Work: activity involving mental or physical effort done in order to achieve a purpose or result. Now if we look at the word in this context it makes sense. If the goal is a long-term fulfilling relationship of course it will take effort to make that happen. How else would it be possible? While it’s true that all types of relationships take work, romantic relationships are different from other relationships in our lives. Unlike our family of origin we get to choose our life partner. Since most of us hope to have a partnership that lasts forever it means we’re committing ourselves to a journey full of effort. Don’t get me wrong, relationships of all kinds, are also a lot of fun. I simply wouldn’t want anyone to go in blind thinking relationships are easy breezy and then be shocked when they learn healthy relationships don’t just happen to us.

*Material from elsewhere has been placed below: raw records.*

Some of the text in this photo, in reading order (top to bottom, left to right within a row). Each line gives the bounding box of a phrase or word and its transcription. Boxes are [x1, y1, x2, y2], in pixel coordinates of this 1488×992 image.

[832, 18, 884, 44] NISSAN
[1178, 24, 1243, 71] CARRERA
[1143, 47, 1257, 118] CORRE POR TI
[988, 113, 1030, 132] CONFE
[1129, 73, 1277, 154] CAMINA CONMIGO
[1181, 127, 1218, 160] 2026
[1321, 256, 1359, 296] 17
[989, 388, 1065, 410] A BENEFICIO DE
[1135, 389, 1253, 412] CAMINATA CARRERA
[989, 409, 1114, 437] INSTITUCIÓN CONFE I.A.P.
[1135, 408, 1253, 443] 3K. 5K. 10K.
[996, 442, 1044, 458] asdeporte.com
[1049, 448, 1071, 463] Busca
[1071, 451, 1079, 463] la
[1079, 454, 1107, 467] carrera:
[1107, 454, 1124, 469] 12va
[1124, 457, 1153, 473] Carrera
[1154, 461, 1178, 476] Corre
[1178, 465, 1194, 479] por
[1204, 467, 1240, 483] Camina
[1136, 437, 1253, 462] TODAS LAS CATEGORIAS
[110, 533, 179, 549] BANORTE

So why are relationships hard? Each of us comes from our own family of origin with our own history and our own way of doing things. Sometimes we forget that our significant other does not think exactly how we think. It might be natural for you to eat dinner at nine o’clock every night but your partner never ate past seven-thirty when they were growing up. Maybe you feel closeness means talking to your parents every day while your partner is close with his or her parents because they speak once every two weeks. One of you likes to plan what you’re doing for the next month and the other one would rather decide what they feel like doing that day in the moment. These may sound like simple differences but not discussing how you think or feel could lead any one of these differences to turn into a huge fight. There are bigger conversations to have too, such as how you both feel about how to spend money, having debt, where you want to live, if you want to have children, and how you want to raise those hypothetical children. Even talking about these topics and making decisions doesn’t mean the work is done. It’s easy to assume that because you agree on something you’re thinking the same exact way but you’re not.
Each person within the couple comes from his or her own personal experiences which forms how he or she operates. The best way to work as a couple is for each individual to be in touch with him or herself so they can communicate to their partner what they need or want from the other person as well as the relationship as a whole. Things get real when we meet someone and decide we want to build a life with them. Our needs are no longer the only needs that matter. It’s time to listen to what the other person wants too. It’s time for compromise. Most people want to believe happily ever after happens because they’ve found the person they want to spend the rest of their lives with. The truth is happily ever after happens because they work to make it happen.